▶ Work order
Only one stretch of the data below is needed. Output the lines from the one with "this 1600×1200 image." up to and including the one with "this 1920×1280 image.", exactly as they stand.

▶ Materials provided
/---
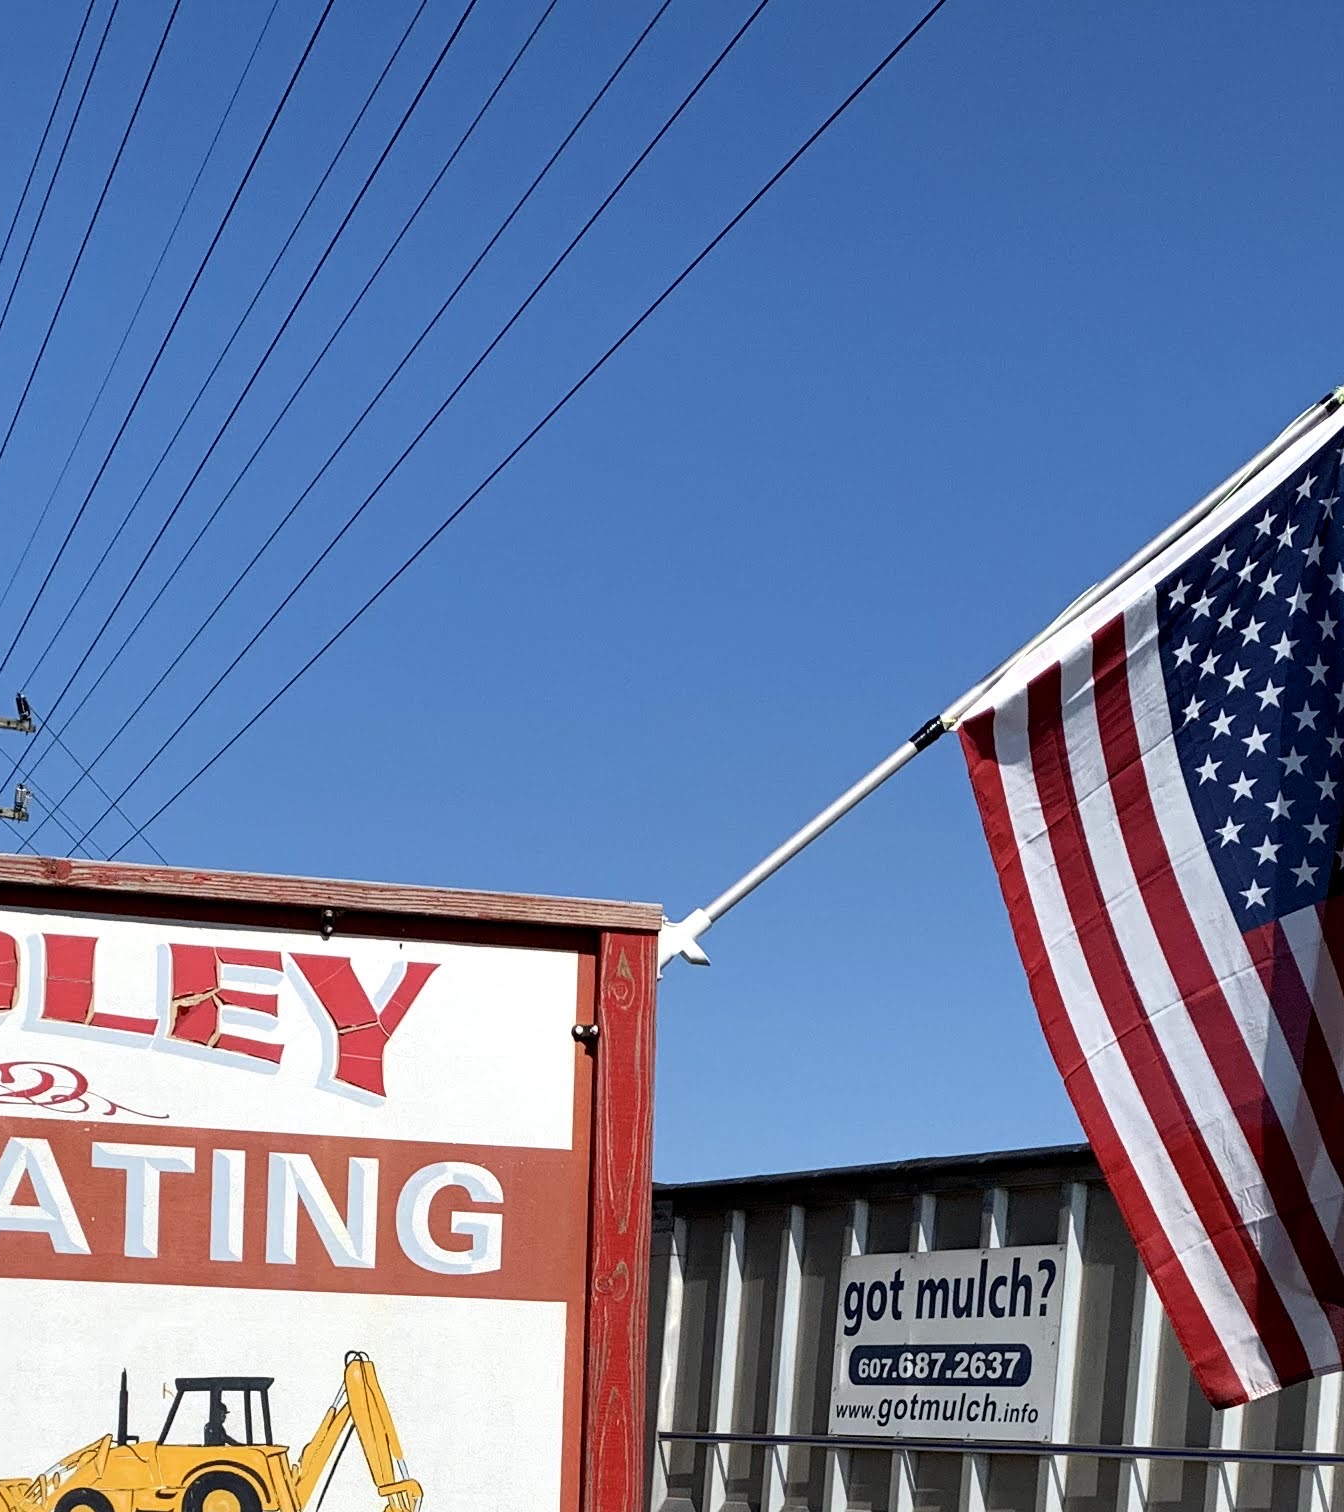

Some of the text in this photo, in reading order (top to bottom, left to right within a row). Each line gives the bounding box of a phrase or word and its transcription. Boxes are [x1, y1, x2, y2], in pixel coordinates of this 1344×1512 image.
\---
/---
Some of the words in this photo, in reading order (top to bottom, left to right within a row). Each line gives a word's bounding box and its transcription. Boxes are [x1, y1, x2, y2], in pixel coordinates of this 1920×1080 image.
\---
/---
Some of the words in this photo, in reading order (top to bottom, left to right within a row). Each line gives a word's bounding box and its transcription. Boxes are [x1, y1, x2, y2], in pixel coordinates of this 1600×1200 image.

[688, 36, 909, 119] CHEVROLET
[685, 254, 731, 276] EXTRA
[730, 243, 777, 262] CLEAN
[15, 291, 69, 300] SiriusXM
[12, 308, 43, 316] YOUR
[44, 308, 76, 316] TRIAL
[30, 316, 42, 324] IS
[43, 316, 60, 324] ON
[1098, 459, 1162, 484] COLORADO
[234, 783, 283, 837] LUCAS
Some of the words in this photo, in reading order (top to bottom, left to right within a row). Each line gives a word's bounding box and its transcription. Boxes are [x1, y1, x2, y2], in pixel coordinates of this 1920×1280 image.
\---
▶ Response area
Some of the words in this photo, in reading order (top to bottom, left to right within a row). Each line gives a word's bounding box and its transcription. Boxes are [x1, y1, x2, y2], in pixel coordinates of this 1600×1200 image.

[688, 36, 909, 119] CHEVROLET
[685, 254, 731, 276] EXTRA
[730, 243, 777, 262] CLEAN
[15, 291, 69, 300] SiriusXM
[12, 308, 43, 316] YOUR
[44, 308, 76, 316] TRIAL
[30, 316, 42, 324] IS
[43, 316, 60, 324] ON
[1098, 459, 1162, 484] COLORADO
[234, 783, 283, 837] LUCAS
Some of the words in this photo, in reading order (top to bottom, left to right within a row). Each line gives a word's bounding box and its transcription. Boxes are [x1, y1, x2, y2], in pixel coordinates of this 1920×1280 image.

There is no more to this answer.